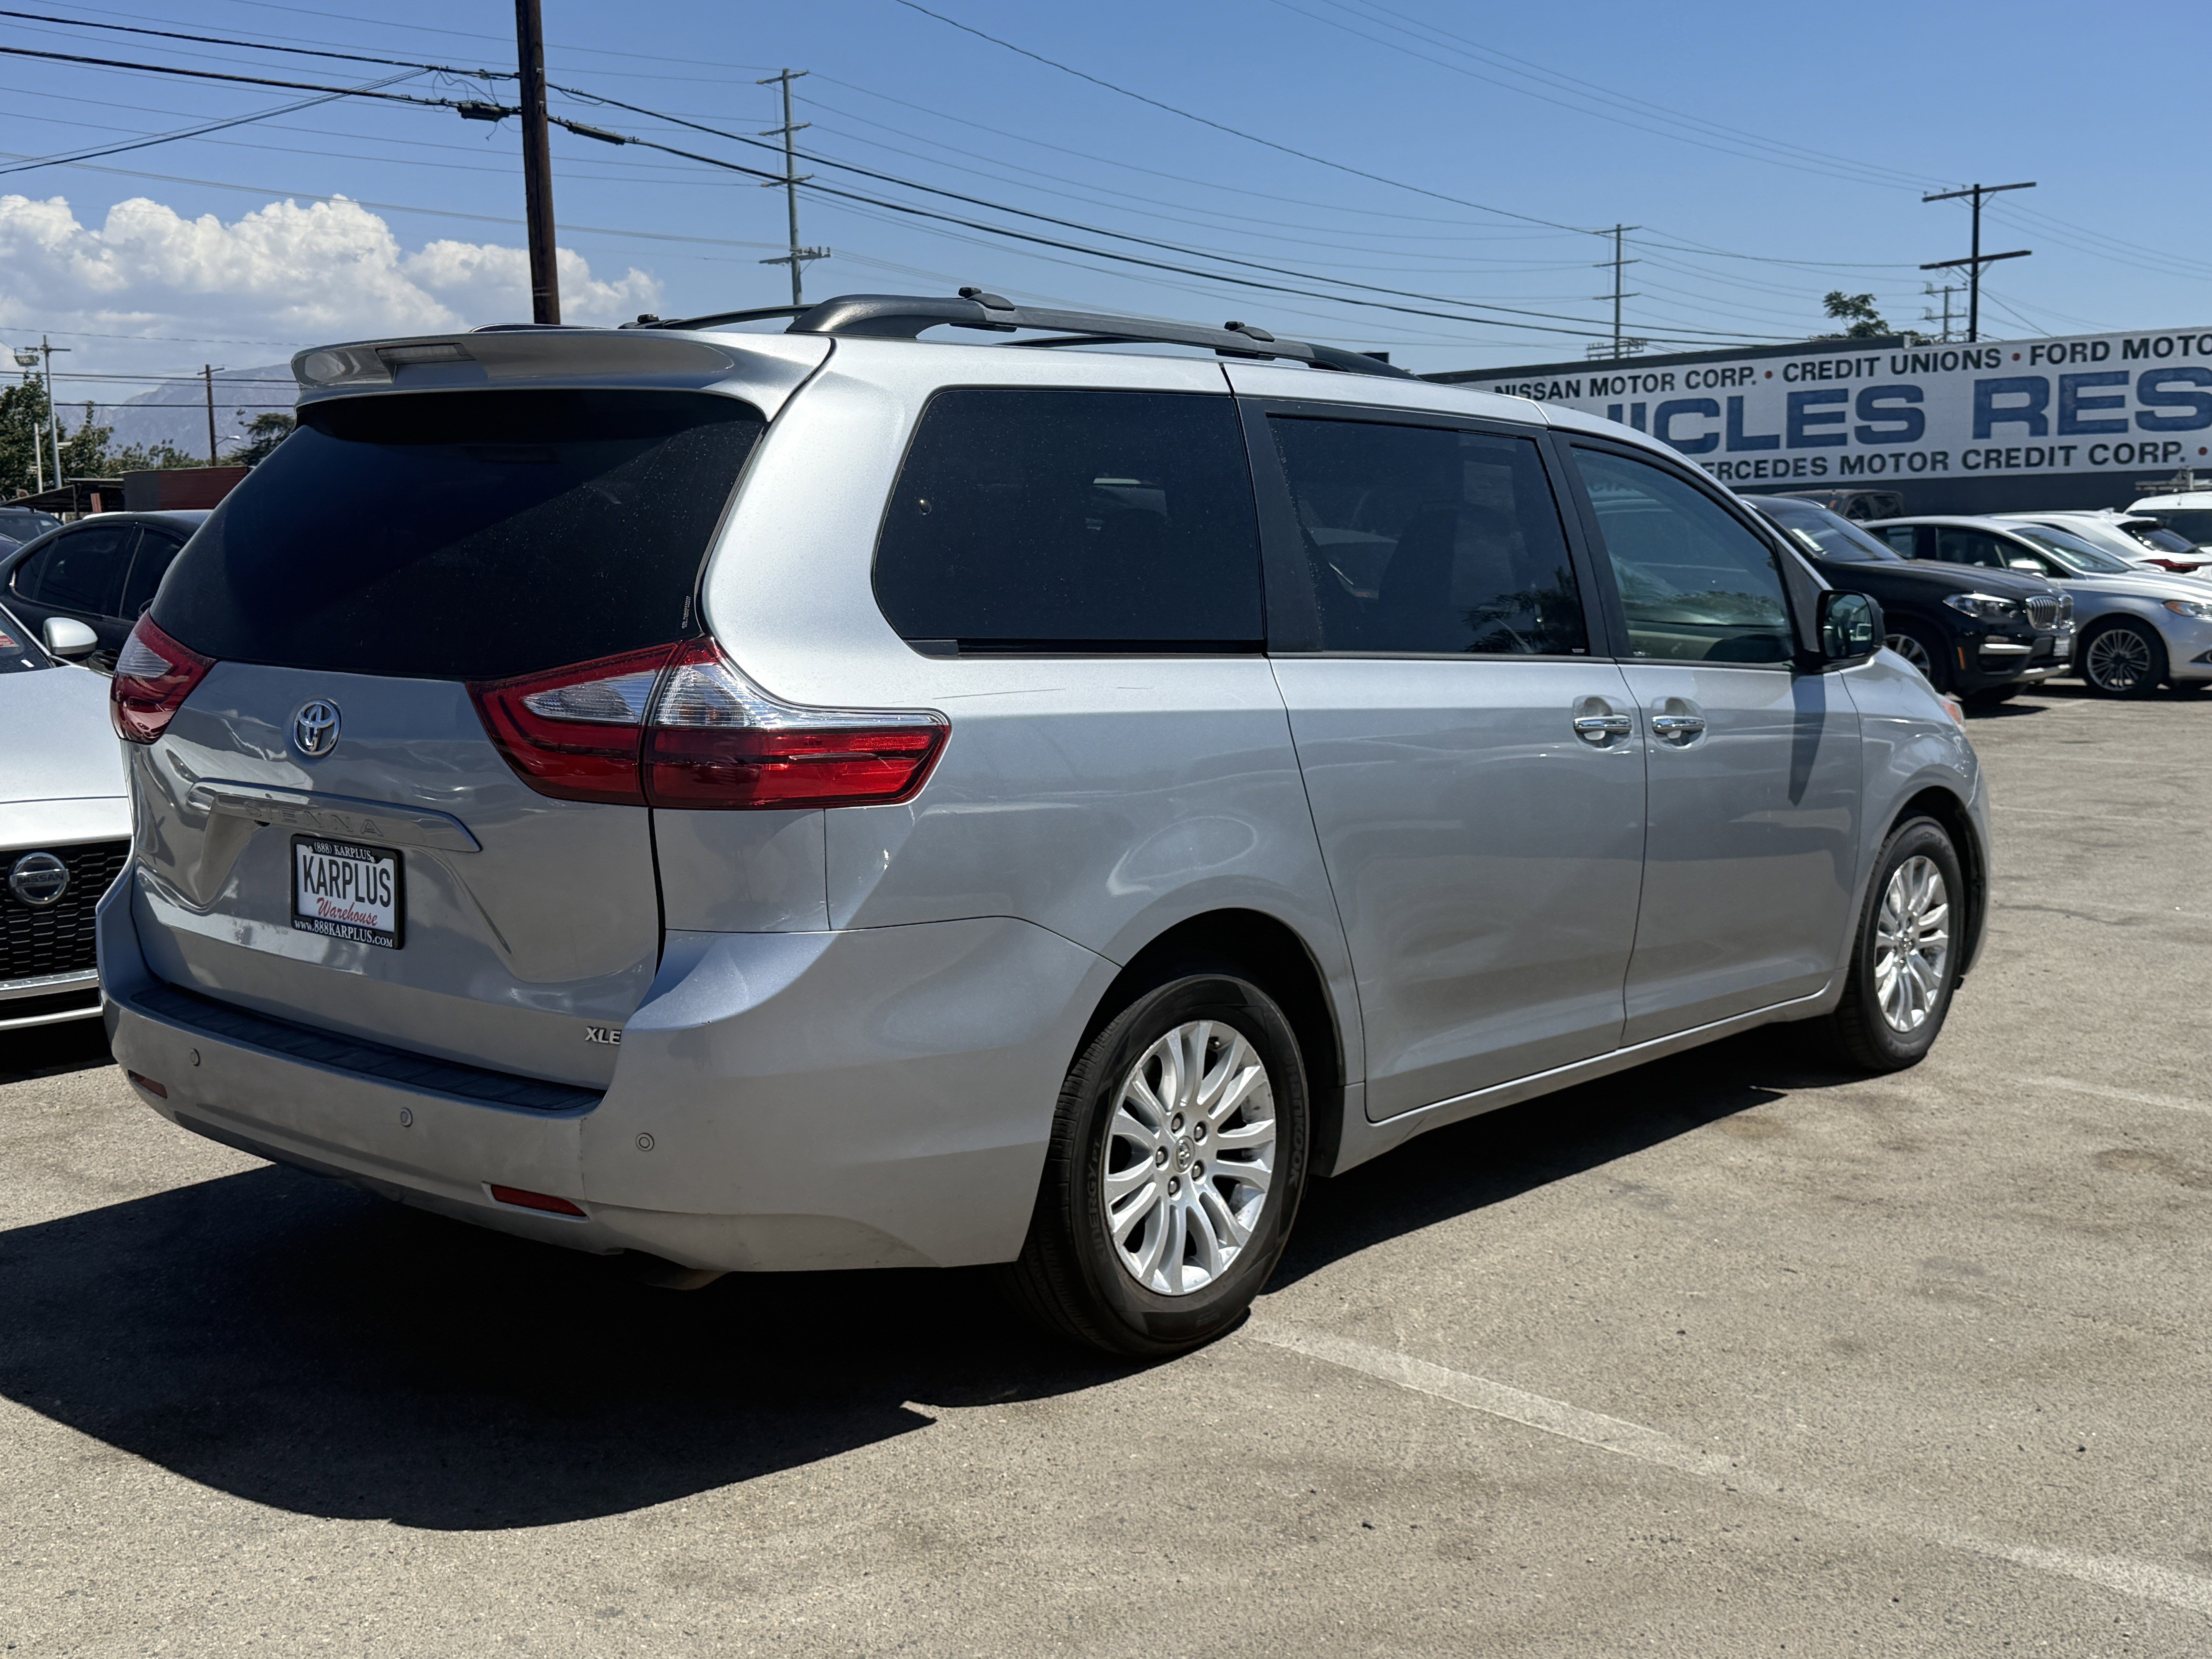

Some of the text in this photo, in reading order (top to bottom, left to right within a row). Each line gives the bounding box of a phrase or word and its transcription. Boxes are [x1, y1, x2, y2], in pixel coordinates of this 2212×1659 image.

[1590, 372, 1674, 397] MOTOR
[1685, 367, 1757, 388] CORP.
[1783, 357, 1881, 383] CREDIT
[1891, 348, 2001, 375] UNIONS
[2030, 341, 2110, 366] FORD
[1973, 366, 2212, 440] RES
[1840, 451, 1949, 475] MOTOR
[1961, 445, 2077, 470] CREDIT
[2088, 441, 2186, 465] CORP.
[244, 801, 384, 837] SIENNA
[314, 842, 371, 860] (888) KARPLUS
[17, 873, 64, 884] NISSAN
[303, 854, 392, 908] KARPLUS
[316, 896, 378, 926] Warehouse
[585, 1026, 622, 1044] XLE
....
**Task to complete**
Repeat the lines above exactly, and keep every picture out.

**Answer to the exercise**
Some of the text in this photo, in reading order (top to bottom, left to right within a row). Each line gives the bounding box of a phrase or word and its transcription. Boxes are [x1, y1, x2, y2], in pixel coordinates of this 2212×1659 image.

[1590, 372, 1674, 397] MOTOR
[1685, 367, 1757, 388] CORP.
[1783, 357, 1881, 383] CREDIT
[1891, 348, 2001, 375] UNIONS
[2030, 341, 2110, 366] FORD
[1973, 366, 2212, 440] RES
[1840, 451, 1949, 475] MOTOR
[1961, 445, 2077, 470] CREDIT
[2088, 441, 2186, 465] CORP.
[244, 801, 384, 837] SIENNA
[314, 842, 371, 860] (888) KARPLUS
[17, 873, 64, 884] NISSAN
[303, 854, 392, 908] KARPLUS
[316, 896, 378, 926] Warehouse
[585, 1026, 622, 1044] XLE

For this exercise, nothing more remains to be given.